[What you are asked to do]:
For the copy, please give all of the data again exactly and leave the pictures out.

Data for review Start Marker

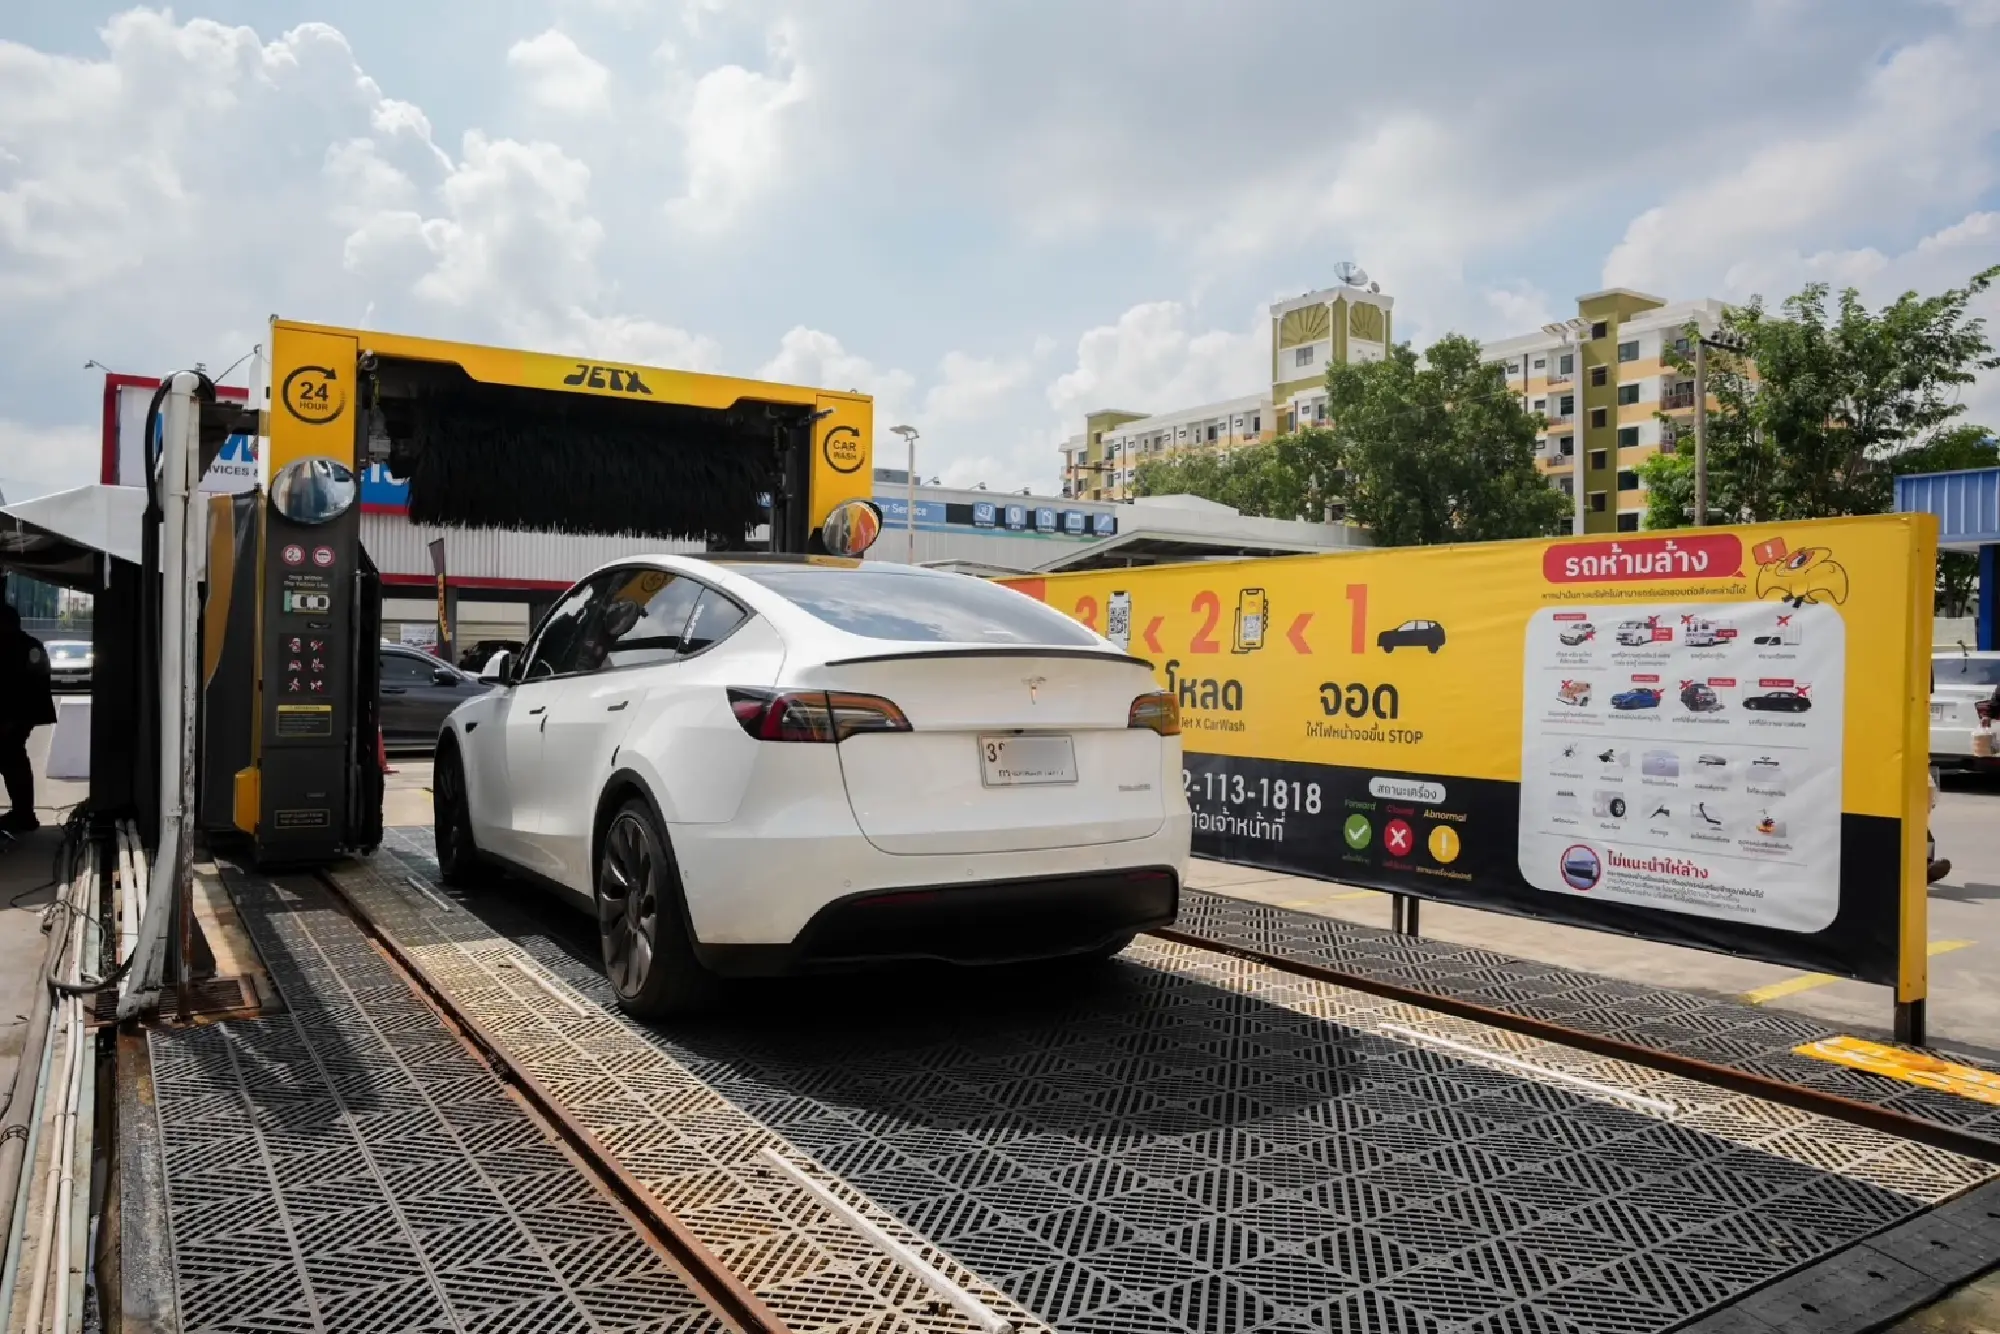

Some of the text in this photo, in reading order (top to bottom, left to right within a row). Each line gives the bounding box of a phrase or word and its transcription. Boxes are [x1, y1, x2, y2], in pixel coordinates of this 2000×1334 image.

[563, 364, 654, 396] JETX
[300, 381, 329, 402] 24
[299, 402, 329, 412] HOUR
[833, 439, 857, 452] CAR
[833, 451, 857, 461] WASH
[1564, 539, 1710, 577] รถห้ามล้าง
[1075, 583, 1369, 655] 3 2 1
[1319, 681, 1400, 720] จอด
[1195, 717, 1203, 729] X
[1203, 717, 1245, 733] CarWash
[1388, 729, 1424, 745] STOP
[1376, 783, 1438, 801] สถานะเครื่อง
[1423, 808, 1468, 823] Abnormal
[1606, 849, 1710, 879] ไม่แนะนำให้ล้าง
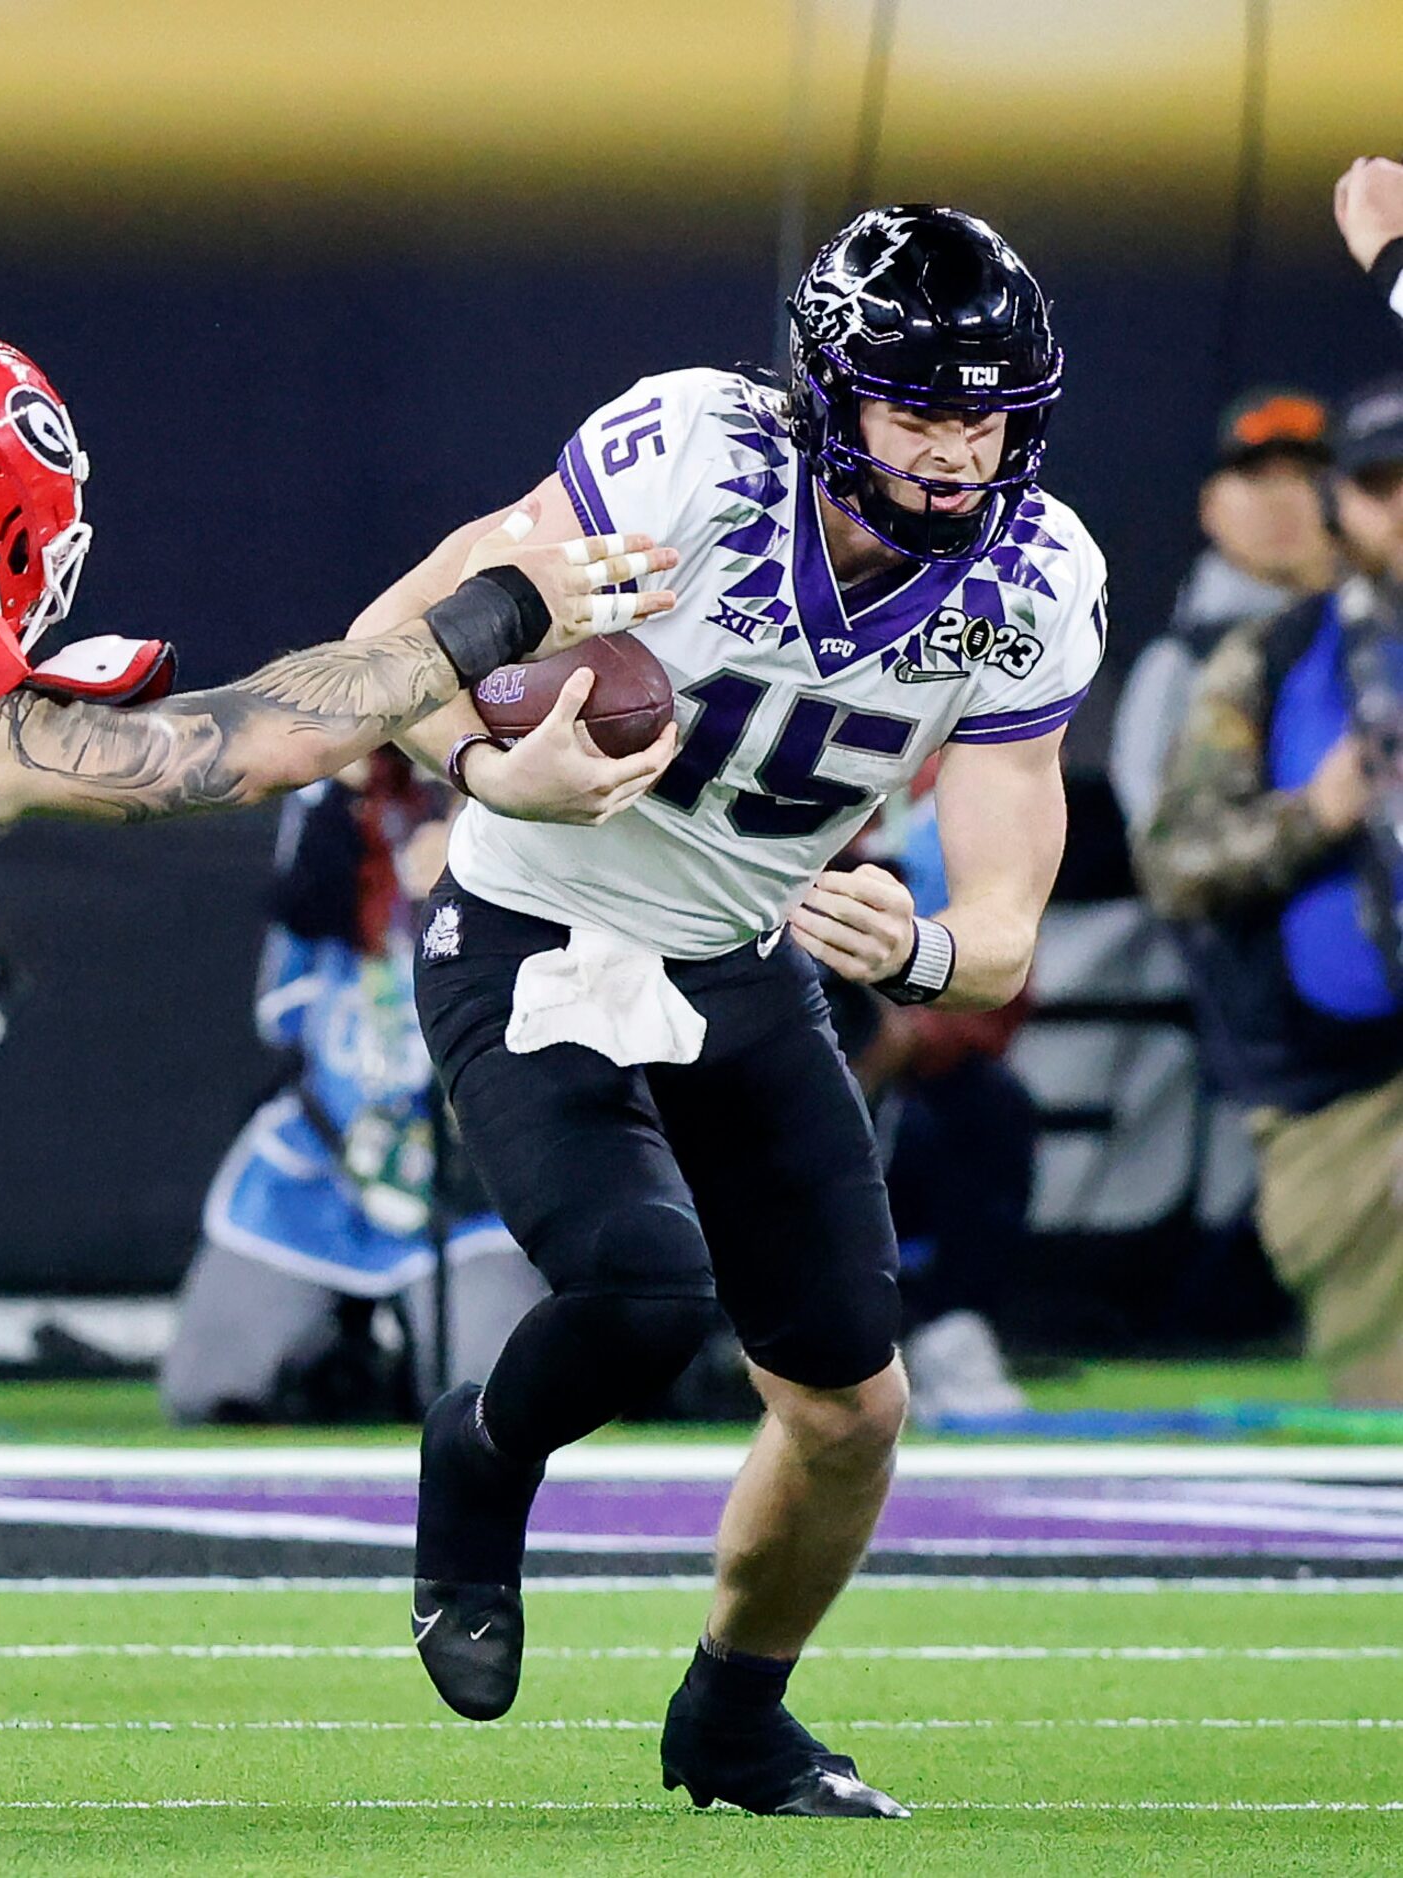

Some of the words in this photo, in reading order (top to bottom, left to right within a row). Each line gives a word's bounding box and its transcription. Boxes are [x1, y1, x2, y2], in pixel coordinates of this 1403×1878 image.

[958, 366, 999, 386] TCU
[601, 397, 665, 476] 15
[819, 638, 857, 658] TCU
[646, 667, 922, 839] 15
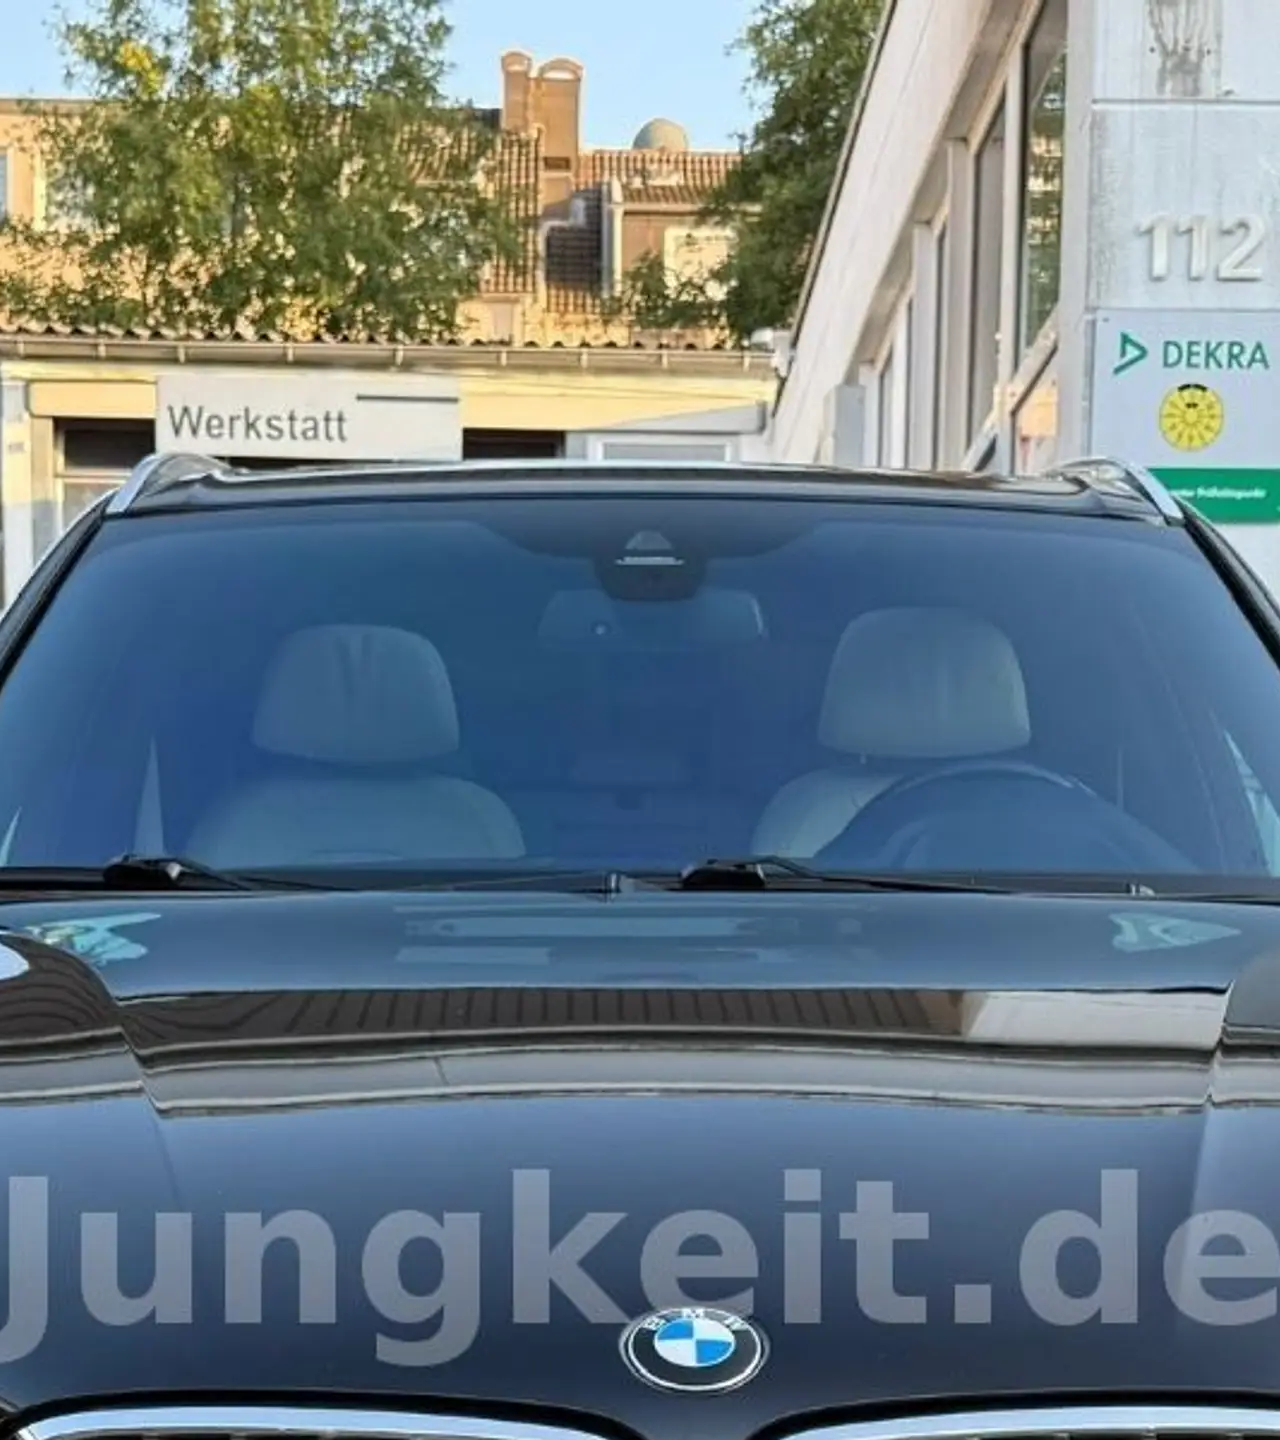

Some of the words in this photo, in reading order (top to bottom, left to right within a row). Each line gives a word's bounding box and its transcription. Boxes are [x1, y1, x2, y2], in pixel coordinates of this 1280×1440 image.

Data for review End Marker

[Your solution]:
Some of the text in this photo, in reading order (top to bottom, left to right within a row). Each line gives the bounding box of a phrase or word and its transcription. Boxes are [x1, y1, x2, y2], in pixel coordinates of this 2000×1334 image.

[563, 364, 654, 396] JETX
[300, 381, 329, 402] 24
[299, 402, 329, 412] HOUR
[833, 439, 857, 452] CAR
[833, 451, 857, 461] WASH
[1564, 539, 1710, 577] รถห้ามล้าง
[1075, 583, 1369, 655] 3 2 1
[1319, 681, 1400, 720] จอด
[1195, 717, 1203, 729] X
[1203, 717, 1245, 733] CarWash
[1388, 729, 1424, 745] STOP
[1376, 783, 1438, 801] สถานะเครื่อง
[1423, 808, 1468, 823] Abnormal
[1606, 849, 1710, 879] ไม่แนะนำให้ล้าง

Some of the words in this photo, in reading order (top to bottom, left to right within a row). Each line gives a word's bounding box and its transcription. Boxes are [x1, y1, x2, y2], in pixel coordinates of this 1403×1878 image.

[958, 366, 999, 386] TCU
[601, 397, 665, 476] 15
[819, 638, 857, 658] TCU
[646, 667, 922, 839] 15

Some of the words in this photo, in reading order (top to bottom, left to right within a row). Each line gives a word's bounding box and its transcription. Boxes are [x1, y1, x2, y2], in pixel coordinates of this 1280×1440 image.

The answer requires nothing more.